For instance, if someone speculated that a father was born on a certain date and it’s really specific, rather than “About 1800” look for the record with the name and that specific date on it. Then look and see if it verifies anything, or if it’s just a lead. Or better, is it someone you can rule out completely and move on from?

Sometimes these erroneous associations are obviously based on suggestions by the website’s hints algorithm. For instance, I was recently working on a case for a client who told me his great great grandmother was born in Tennessee although she lived most of her life in Missouri. I saw Tennessee as her birthplace all over the internet on research sites. As soon as I began looking for primary source materials for her in order to build out my own tree for this client I saw the problem.

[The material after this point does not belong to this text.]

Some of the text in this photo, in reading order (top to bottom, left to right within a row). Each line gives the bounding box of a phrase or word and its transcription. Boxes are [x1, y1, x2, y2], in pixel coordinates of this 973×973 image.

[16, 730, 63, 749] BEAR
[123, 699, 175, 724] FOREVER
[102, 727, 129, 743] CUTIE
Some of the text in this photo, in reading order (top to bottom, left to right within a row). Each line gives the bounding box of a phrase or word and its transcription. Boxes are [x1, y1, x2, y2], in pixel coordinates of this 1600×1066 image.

My client’s ancestor was born Mary Farmer and she married a Mr. Pritchett, so for most of her life she was Mary Pritchett. However, in 1850, when Mary would have been about 52 years old, a woman named Mary Farmer was enumerated as a widow in Missouri with several children. This woman told the census taker she was born in Tennessee. This birthplace got attached to dozens of trees in spite of the fact that in the same census, my client’s Mary Pritchett was documented with her husband, and three youngest children still at home right in the county they’d lived in for decades.

Several obvious primary sources told me our Mary was born about 1798 in the Carolinas. I had to find them on my own rather than follow system “hints” but they were easily located.

Why the error?

Most people don’t read deeply enough. A website’s hint system throws up this widowed, middle aged Mary Farmer as a hint and we’re off to the races. Never mind that our Mary hasn’t been Mary Farmer for decades. I found 80% of the trees online had this place of birth and many had the wrong census record attached to her. (This is a great example of how attached sources do not necessarily an accurate tree make!)

More surprisingly, an equal number of trees had her born in Tennessee after copying someone else’s tree, yet the correct census record for her. This record affirmed North Carolina as her birthplace.

With these kind of errors based on system hints, you can sometimes see right away that an hypothesized fact or person is incorrect. This way you can quickly write off either the wrong facts, or the whole candidate, saving yourself a lot of time.

Unfortunately, when this happens, you can assume much of the fruit from the same tree is bad. But don’t despair. With the floating tree method above to help you evaluate these hints, you’ll have plenty of leads to explore.

And if you’re a die hard genealogy researcher, this is enough to keep you happily researching for proven facts and unknown family members until the wee hours of the morning with the rest of us!